2026年1月1日木曜日

2026謹賀新年 昨年の反省と今年の目標的なこと

 明けましておめでとうございます。


 どうにも、新しい年が来た、という感慨が持てないまま、1月1日が終わろうとしている。
 新年って、こんなに、ぼやーっとはっきりとしないものだったっけ?と頭の中が「?」で一杯だ。
 もちろん、新しい年の訪れになにか変化があったはずもなく、私の感覚が鈍ったというか、貧したというか。単に疲れた、とも言うか。


 昨年は色々とありました。それはもう、言うまでもなく、母のこととか母のこととか母のこととかね。まるまる3年間、通いで母の介護(というか見守りというか、後見というか、家事援助というか。)を行い、母の日常生活が滞りなく進むようにまさに黒子のように動いてきた。それでももはや安全な生活の維持は困難、と見定めて、短期間ではあるが同居に踏み切り(というか自分の家との二重生活だったけど)、グループホームの見学から入居までを進めた。母がGHに入居したあと、家の中を一気に片付けたのは良いが、一週間の過重な労働で右肘が腱鞘炎になった。すでに3ヶ月が経過しているが、まだ完治していない。

 母の家は、私にとっては父の思い出の方が強い。
 ほとんど家から出ること無く父が過ごしてきた居間は、応接セットがボロボロになり、父の大切にしていたオーディオセットはスピーカーのウレタンがぼろぼろに劣化していた。
 母は家の中をいじられるのを嫌がったので、母が居るうちはできなかったが、母の施設入居後、真っ先にやったのが、応接セットの修理と、スピーカーの修理だった。
 それぞれ、一ヶ月ほどで修理先から戻ってきて、室内は父の生前の姿をすこし取り戻した。

 父のスピーカーは、それなりに良いものだったようで、修理から戻ってきてから、父の秘蔵のレコードを掛けてうっとりしている。

 母は認知症高齢者グループホームで落ち着いて過ごしている。たまに面会にいくが、自分の家のことを気にする様子はあるものの、「帰りたい」とは思わないらしい。こんなにもGHの環境に馴染んでくれると、こちらとしてはちょっと拍子抜けするくらいであるが、これも施設が穏やかに生活を支えてくれるからだろうと感謝している。

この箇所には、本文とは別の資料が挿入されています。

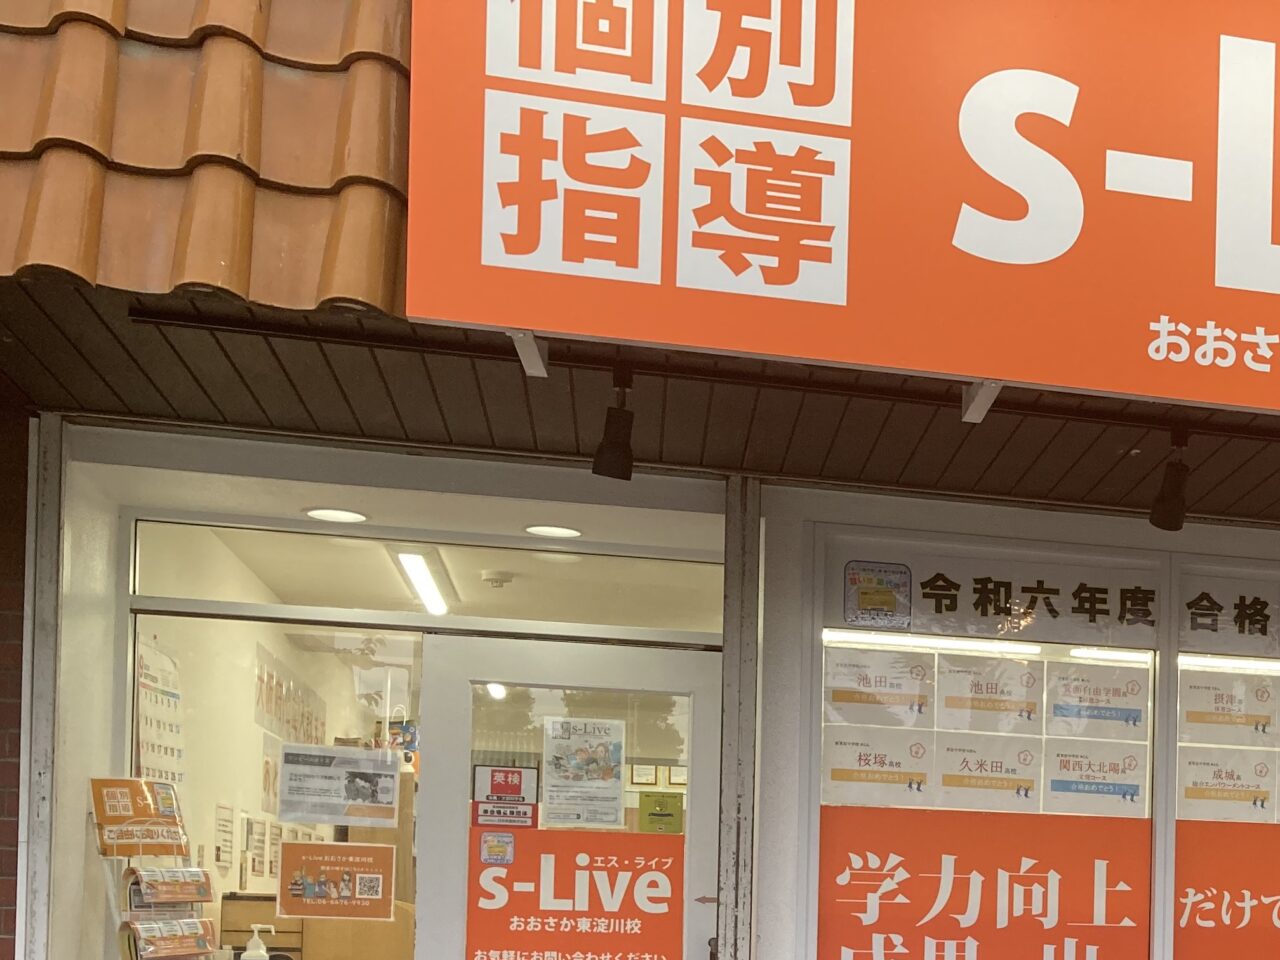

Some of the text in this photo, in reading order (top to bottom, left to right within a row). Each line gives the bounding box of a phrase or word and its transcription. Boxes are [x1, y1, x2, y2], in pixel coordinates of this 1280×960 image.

 もちろん、こうなってもらえるように、入居に当たってはかなり細かいディティールまで作り込んだのだから、頑張った甲斐があった、と思ってもいいんだよな。自画自賛ではあるけれど。

 そんなこんなが2025年だった。

 そうそう、もう一つ。

 母の家・・・ということは私が育った団地なんだが、そこで暮らしてる中学校時代からの友人との交誼が復活した。彼女も自宅でお母様の介護をしていて、お互いに情報交換したり、励まし合ったり、飲んだり喰ったり(笑)、会う時間の無いときにはSNSで他愛のないやり取りをしたり。お互いに、内にこもりがちな介護のあれこれをオープンにしあうっていうのは、必要だと思った。なんかねえ、「私はがんばってるぞ」「頑張ってて偉いねえ」とお互いに言い合うだけでも、荷が軽くなる、というか、許されてる感があるというかね。
 あと、友人と再会・・・・に端を発して、ウイスキーを飲む楽しみを覚えた。これは特記しておかないと。

 そんな2025年だったのだけど、読書の面では、日本産ファンタジーで年が明け、乾石智子氏の作品を読み、そこから、自分のファンタジーの原点と思ってル=グウィンに至ったものの、そこで力尽きた感がある。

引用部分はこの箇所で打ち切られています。